WHAT YOU ARE ASKED TO DO: If a record holds a picture, leave the picture out and repeat everything else exactly.

▬▬▬

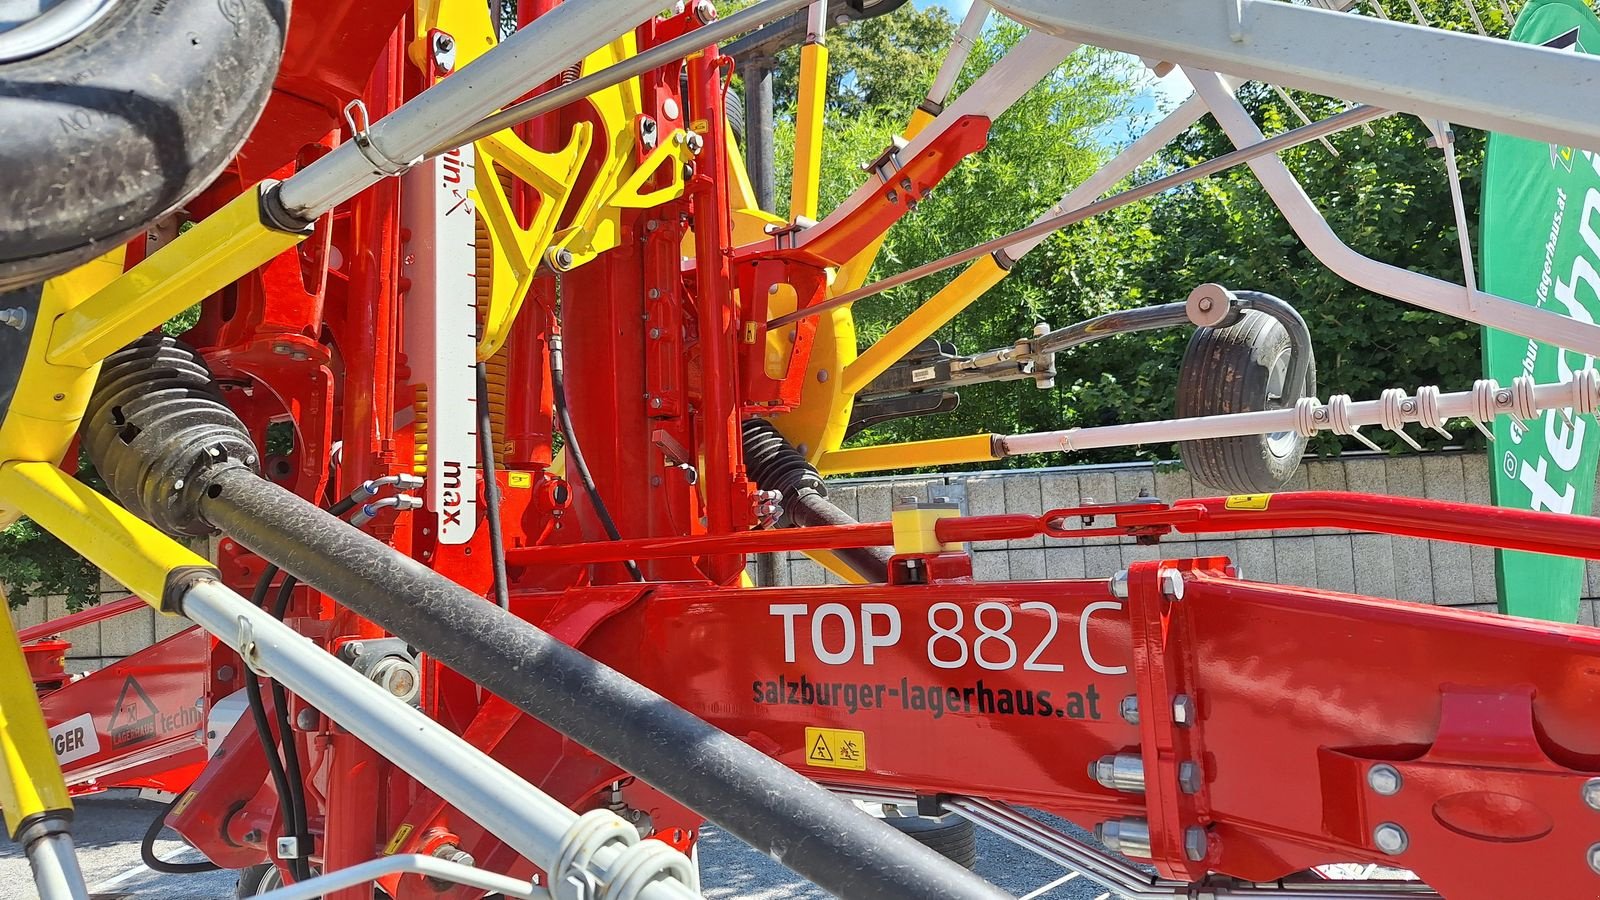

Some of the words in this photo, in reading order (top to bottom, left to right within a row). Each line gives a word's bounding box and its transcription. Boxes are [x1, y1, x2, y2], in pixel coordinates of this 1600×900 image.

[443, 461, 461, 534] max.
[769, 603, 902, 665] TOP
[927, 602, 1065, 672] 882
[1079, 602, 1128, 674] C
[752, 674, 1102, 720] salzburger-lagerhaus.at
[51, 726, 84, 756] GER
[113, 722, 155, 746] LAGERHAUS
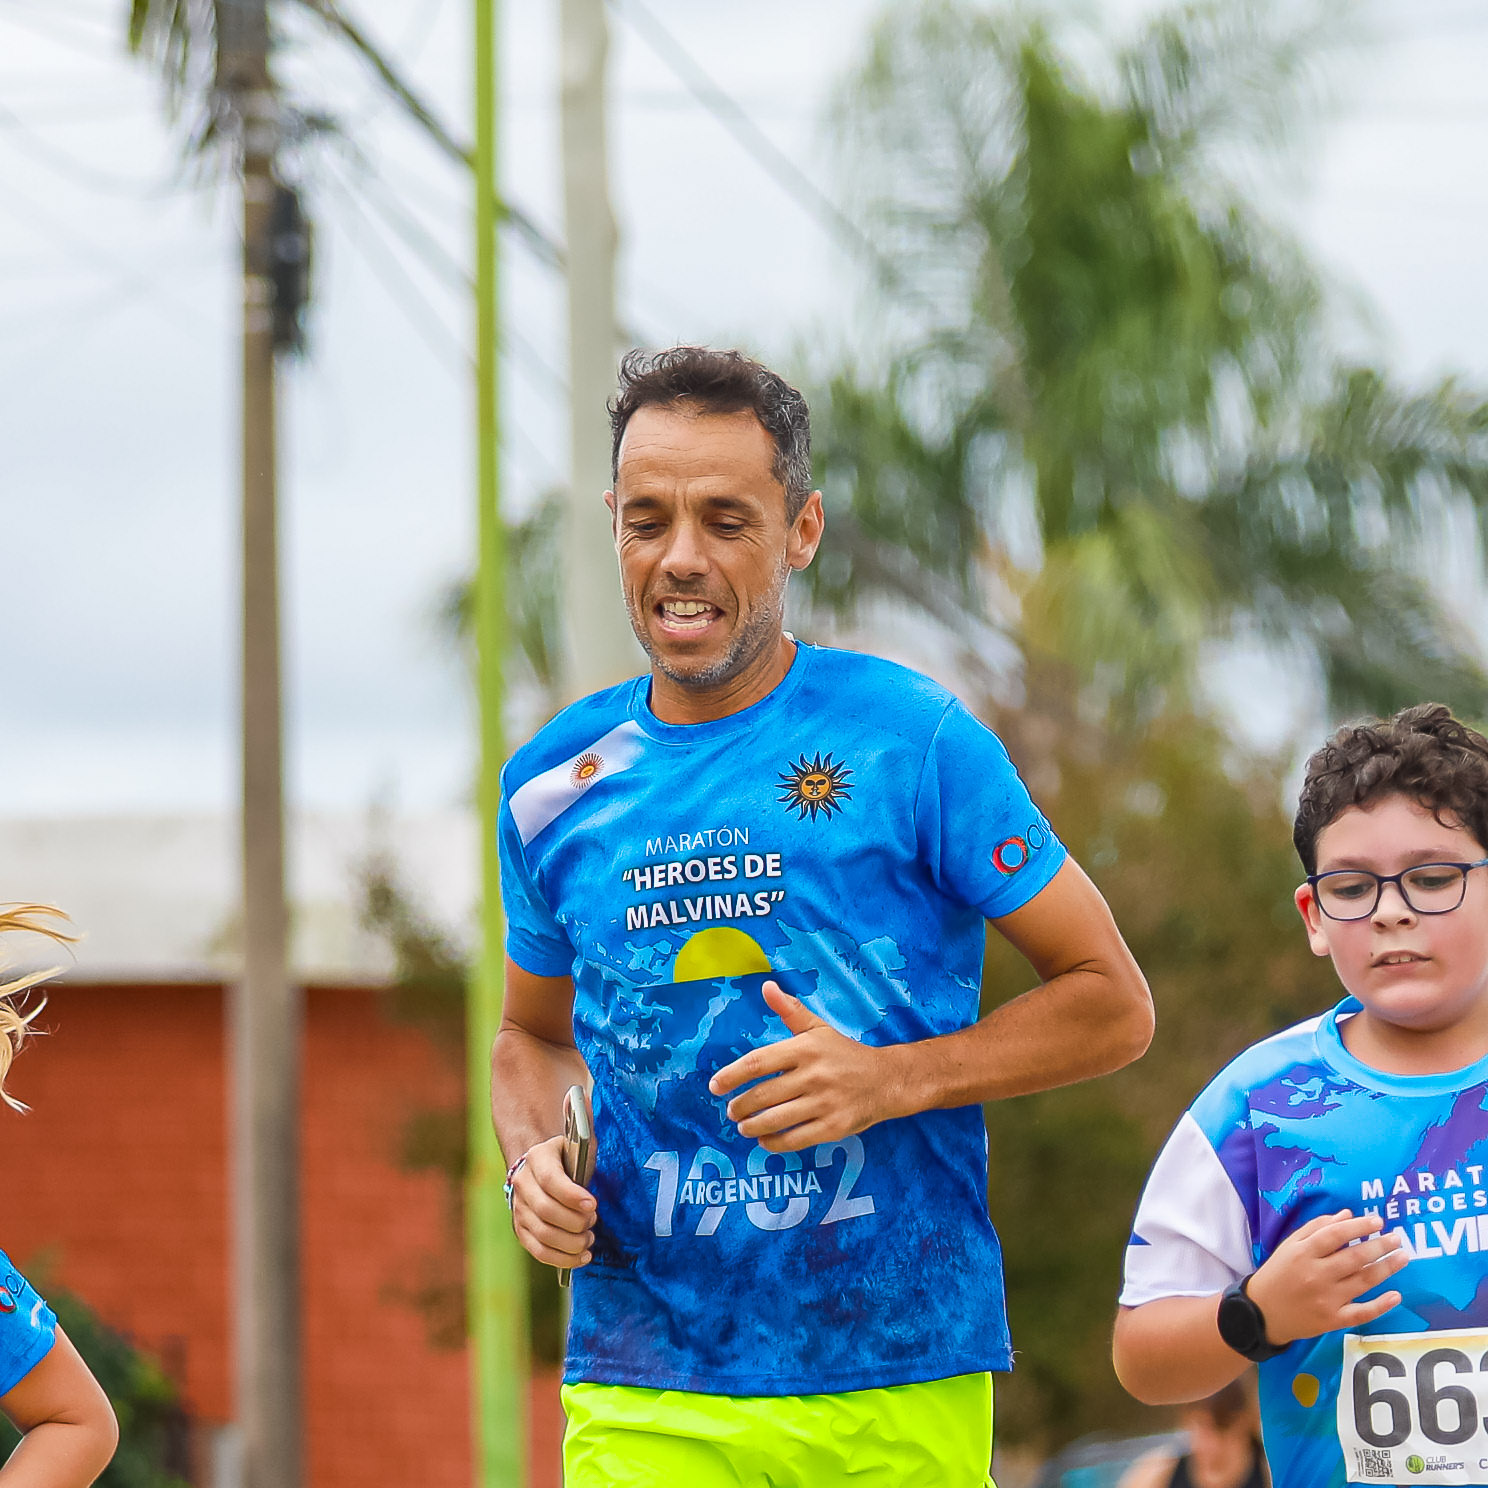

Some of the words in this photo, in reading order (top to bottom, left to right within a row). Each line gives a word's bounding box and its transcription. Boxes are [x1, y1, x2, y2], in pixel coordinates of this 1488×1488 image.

▬▬▬

REPLY TO THE EXERCISE:
Some of the words in this photo, in reading order (top to bottom, left to right within a row). Each line gives a word's bounding box and its transcription. Boxes are [x1, y1, x2, y2], in pixel coordinates of this 1600×900 image.

[443, 461, 461, 534] max.
[769, 603, 902, 665] TOP
[927, 602, 1065, 672] 882
[1079, 602, 1128, 674] C
[752, 674, 1102, 720] salzburger-lagerhaus.at
[51, 726, 84, 756] GER
[113, 722, 155, 746] LAGERHAUS

Some of the words in this photo, in reading order (top to bottom, left to right within a row). Each line gives a word's bounding box and its transcription. Boxes are [x1, y1, x2, y2], in pixel coordinates of this 1488×1488 image.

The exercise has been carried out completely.